As regards those students that are studying in the nursing professions, it has been found that they experience stress levels at a higher level than students enrolled in other branches of the health sciences. In fact, it has been suggested that the stress imposed on nursing students in many universities is greater than the stress borne by all other university students. In addition, it has been found that some nursing students, third-year nursing students in particular, time to time have had to deal with a lot of problems that impact their mental health. Further, studies of the stresses imposed upon first-year nursing students have shown that these students experience high stress levels. The same studies also show that the stress borne by nursing students is not related to the methods of stress management currently being used. A possible explanation is that those with high stress levels are continuing to use methods of stress management that are inappropriate, so that they are not able to manage their stress as much as they should. Consequently, their stress levels remain high. Students that use proper problem-solving methods, on the other hand, succeed in reducing their stress loads. These outcomes are in agreement with a previous study, in which it was found that student stress was not related to confronting stress.

There are many causes of stress in nursing students. From a study conducted by Shaban et al. it was found that the causes of stress in nursing students were rooted in their learning environment, especially in the work that was being assigned to them in the various subject areas of their study.

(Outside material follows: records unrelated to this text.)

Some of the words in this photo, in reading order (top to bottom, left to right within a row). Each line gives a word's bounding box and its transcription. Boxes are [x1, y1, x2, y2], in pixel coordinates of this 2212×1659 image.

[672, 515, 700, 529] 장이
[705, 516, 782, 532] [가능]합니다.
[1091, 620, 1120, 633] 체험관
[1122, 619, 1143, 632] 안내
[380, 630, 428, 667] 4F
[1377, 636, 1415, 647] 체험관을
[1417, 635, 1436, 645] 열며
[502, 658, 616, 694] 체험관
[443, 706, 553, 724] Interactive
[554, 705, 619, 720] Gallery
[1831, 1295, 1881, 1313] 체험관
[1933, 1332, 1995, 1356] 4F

As regards the cause of stress in Thai nursing students, it was found that it was their nursing coursework, and especially courses in the practice of nursing that were creating this stress. These students did not yet understand the system of work applicable to the field of nursing; nonetheless, they were being quizzed by their instructors to determine how much they knew already.

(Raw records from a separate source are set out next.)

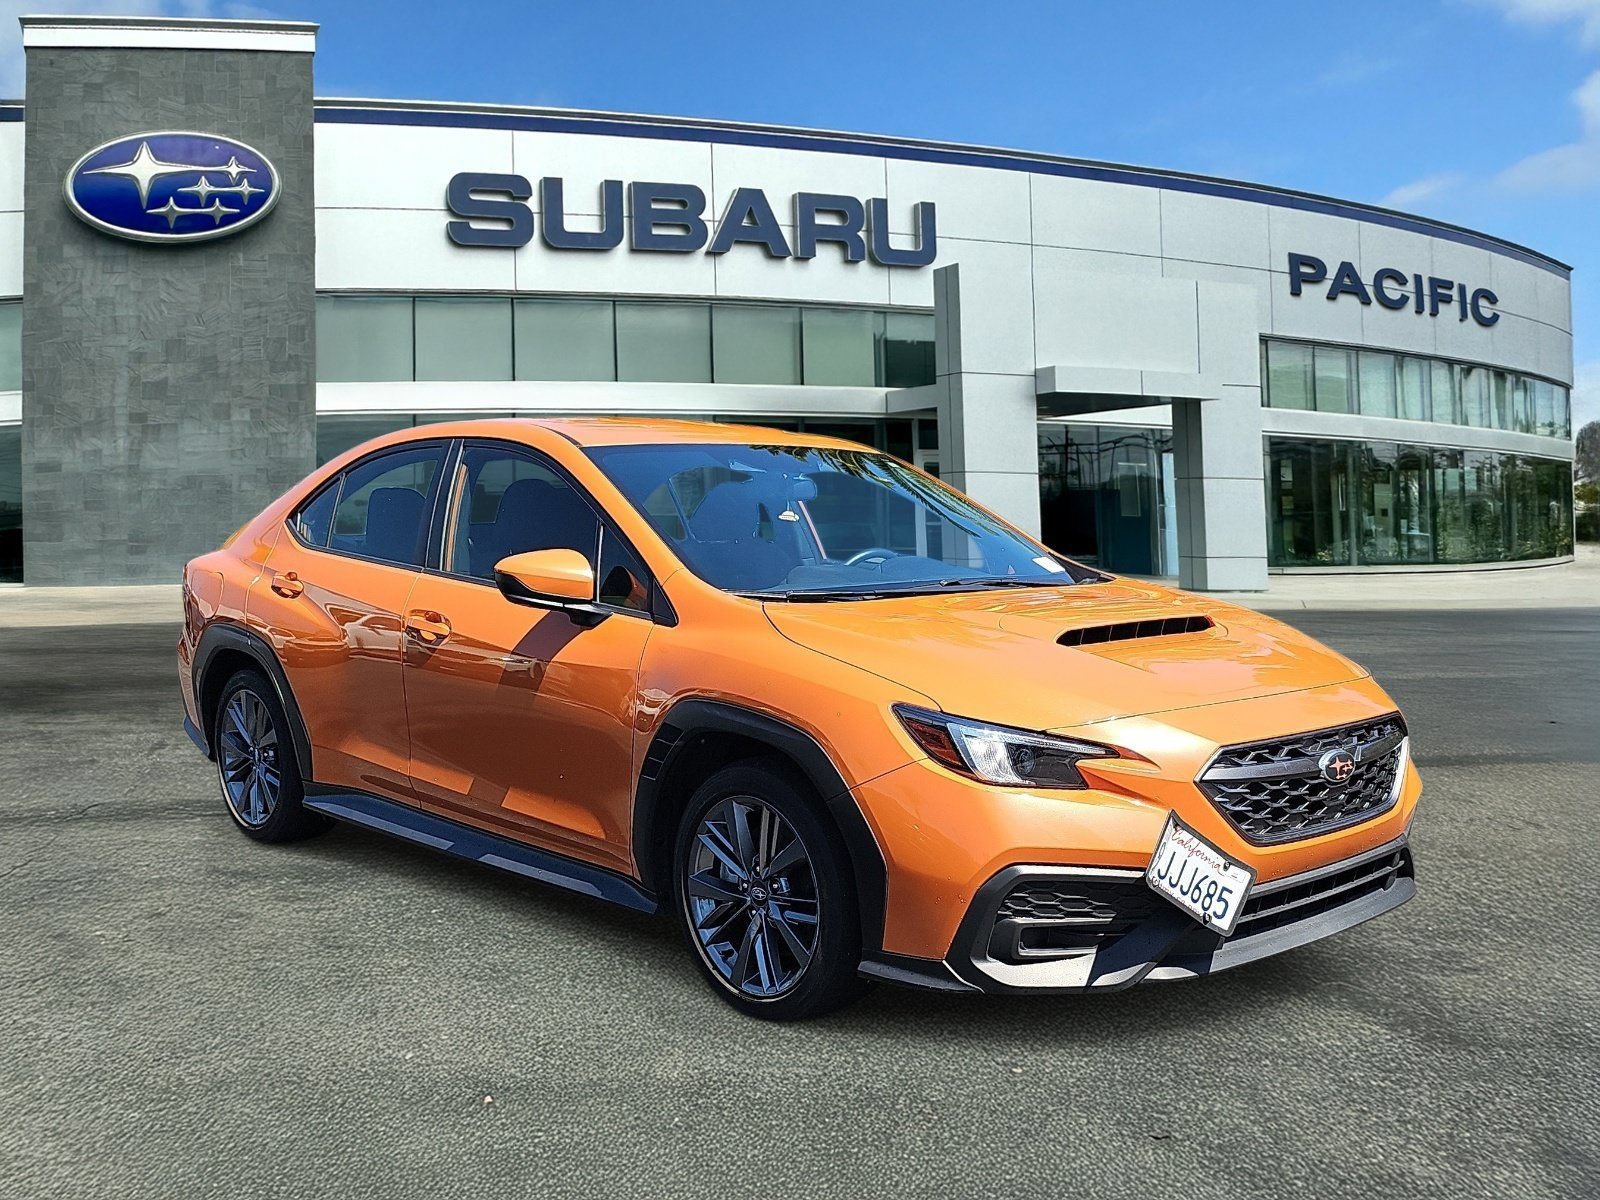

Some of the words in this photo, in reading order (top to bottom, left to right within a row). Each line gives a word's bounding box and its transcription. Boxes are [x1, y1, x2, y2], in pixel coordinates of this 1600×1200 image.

[446, 171, 937, 269] SUBARU
[1288, 252, 1500, 327] PACIFIC
[1157, 851, 1233, 920] JJJ685
[1171, 827, 1225, 877] California
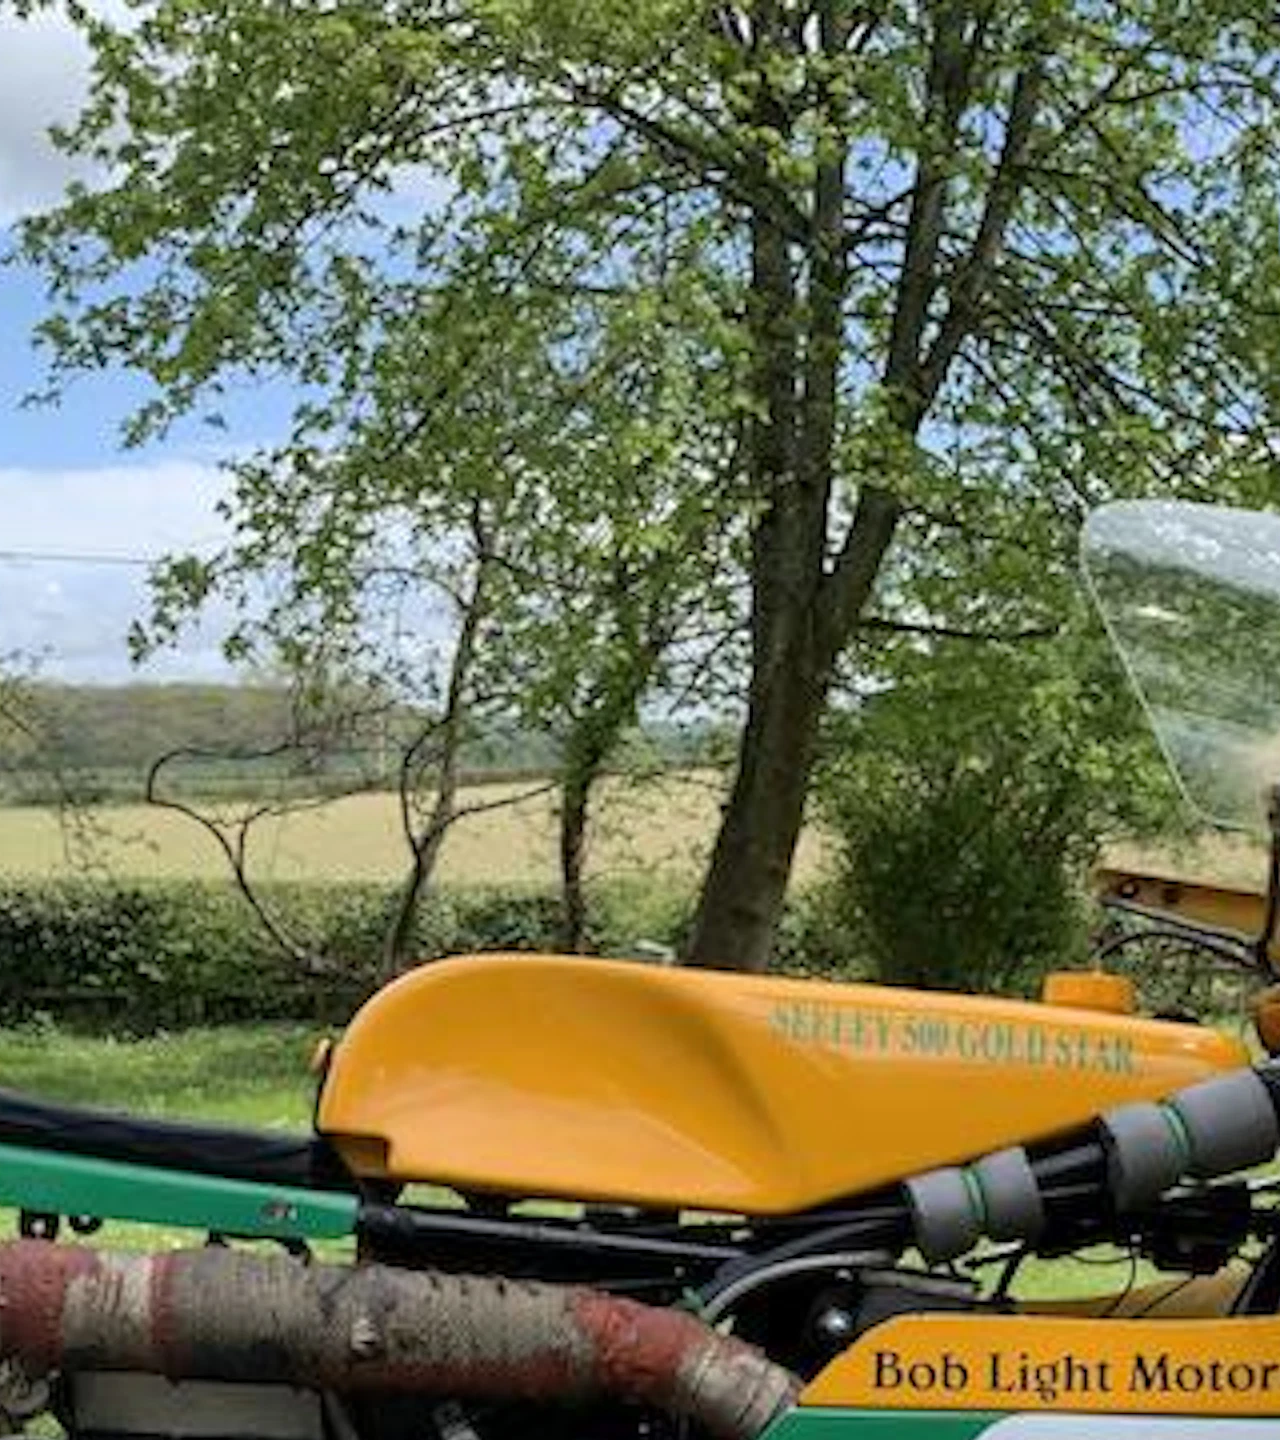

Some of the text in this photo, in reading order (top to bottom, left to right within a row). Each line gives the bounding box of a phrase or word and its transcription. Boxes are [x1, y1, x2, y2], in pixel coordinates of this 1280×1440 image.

[899, 1016, 949, 1057] 500
[956, 1022, 1045, 1066] GOLD
[1053, 1029, 1136, 1076] STAR
[873, 1350, 968, 1391] Bob
[989, 1352, 1111, 1400] Light

This impact was being especially felt by nursing students that were entering the field of practical nursing for the first time. It was found that there was stress from performing procedures and becoming prepared with the necessary knowledge for use in the patient wards. They felt stressed from the patient-ward environment and from their need to connect and communicate with the senior nurses, and the patients and relatives of the patients. They were forced to endure stress from having the role of instructor in the patient wards and from the effect it was having on their own states of health and on their living.

Behavioral-Therapy Program

There are many ways to reduce stress. In one study, it was found that enhancing the imagination took place in conjunction with a cognitive and behavioral-therapy program, in which it was found that there are many ways of easing stress, each of which can effectively lower the stress load being borne by an individual. Imagination uses the ability of the subconscious to imagine for example a peaceful natural fantasy or natural images where the practitioner finds herself or himself in a relaxing and peaceful body. While imagining images, the practitioner should breathe evenly and deeply, and focus on the details of the images created, such as their colors, sizes, texture, sounds, odors, and surroundings. When other ideas interfere, the practitioner should draw her or his attention back to those details. Sriwatanakul stated that relaxation through the use of imagination techniques (autogenic training) is an applied science derived from the principle of hypnosis of Dr. Schultz, which he first developed in 1932.